The main idea is to use Euler's formula for planar graphs. This equation states that $F = E - V + C + 1$, where

• $F\implies$# of faces
• $E\implies$# of edges
• $V\implies$# of vertices
• $C\implies$# of connected components

So in the above example,

• $F=4+1=5,$ where $1$ comes from the face consisting of everything outside of the subrectangle.
• $E=18,$ the total number of cell borders (horizontal and vertical unit segments).
• $V=4\cdot 4=16,$ one for each cell corner (dot).
• $C=2,$ one for the vertex that has no edges coming out of it and one for the remaining vertices.
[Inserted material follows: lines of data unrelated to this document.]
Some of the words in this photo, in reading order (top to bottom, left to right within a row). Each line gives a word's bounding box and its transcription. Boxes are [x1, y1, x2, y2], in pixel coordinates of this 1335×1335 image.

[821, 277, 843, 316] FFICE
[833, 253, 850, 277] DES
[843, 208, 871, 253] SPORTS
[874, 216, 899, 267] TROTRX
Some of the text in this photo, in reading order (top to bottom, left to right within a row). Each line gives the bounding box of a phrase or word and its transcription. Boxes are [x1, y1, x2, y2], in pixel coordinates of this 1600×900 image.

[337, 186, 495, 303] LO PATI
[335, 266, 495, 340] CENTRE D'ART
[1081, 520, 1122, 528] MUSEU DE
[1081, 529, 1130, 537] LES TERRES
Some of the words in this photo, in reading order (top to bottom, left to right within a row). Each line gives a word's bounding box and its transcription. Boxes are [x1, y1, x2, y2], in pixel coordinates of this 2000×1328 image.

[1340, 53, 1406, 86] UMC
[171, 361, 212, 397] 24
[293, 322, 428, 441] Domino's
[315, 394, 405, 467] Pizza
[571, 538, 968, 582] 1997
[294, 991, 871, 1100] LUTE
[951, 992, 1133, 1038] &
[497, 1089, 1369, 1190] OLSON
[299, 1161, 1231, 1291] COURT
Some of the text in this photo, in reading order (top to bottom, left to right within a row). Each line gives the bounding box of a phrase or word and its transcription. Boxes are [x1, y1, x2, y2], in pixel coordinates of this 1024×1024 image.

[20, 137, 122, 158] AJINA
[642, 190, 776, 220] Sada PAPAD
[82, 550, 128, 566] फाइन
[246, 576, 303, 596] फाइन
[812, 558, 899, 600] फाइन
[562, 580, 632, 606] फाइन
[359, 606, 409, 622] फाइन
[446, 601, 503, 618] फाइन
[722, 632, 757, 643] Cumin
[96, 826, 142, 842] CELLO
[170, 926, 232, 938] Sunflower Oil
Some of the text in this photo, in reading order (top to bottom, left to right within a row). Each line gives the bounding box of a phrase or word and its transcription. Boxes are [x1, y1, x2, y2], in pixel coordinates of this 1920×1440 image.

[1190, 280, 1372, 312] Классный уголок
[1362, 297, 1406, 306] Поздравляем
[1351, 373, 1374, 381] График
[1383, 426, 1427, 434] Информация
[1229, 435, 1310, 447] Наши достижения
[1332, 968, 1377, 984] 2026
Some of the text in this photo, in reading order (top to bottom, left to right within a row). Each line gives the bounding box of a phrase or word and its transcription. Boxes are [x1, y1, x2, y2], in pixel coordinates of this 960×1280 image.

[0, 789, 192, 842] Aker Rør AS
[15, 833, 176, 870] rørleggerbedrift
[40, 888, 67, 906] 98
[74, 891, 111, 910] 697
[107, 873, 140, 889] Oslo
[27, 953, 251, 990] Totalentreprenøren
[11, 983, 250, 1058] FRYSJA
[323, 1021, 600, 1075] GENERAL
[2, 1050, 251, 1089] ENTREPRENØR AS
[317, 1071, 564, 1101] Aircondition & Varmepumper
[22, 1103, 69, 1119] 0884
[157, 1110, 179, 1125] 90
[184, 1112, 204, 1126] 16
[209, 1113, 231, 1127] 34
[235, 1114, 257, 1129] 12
So the answer for each candidate is just $E - V + C.$ $V$ depends only on the dimensions of the subrectangle, and $E$ can be found in $O(1)$ time using prefix sums. The main challenge is finding $C$, the number of connected components completely inside the subrectangle (plus one for the component corresponding to the border).

We can use the same concept as Romanian IOI Selection 2017 "Rooms", which was the inspiration for this problem. For each component, call its topmost vertex "special". Then the number of special vertices that lie strictly within the border of the subrectangle is a good approximation for the number of components completely inside the subrectangle, and can also be computed via prefix sums.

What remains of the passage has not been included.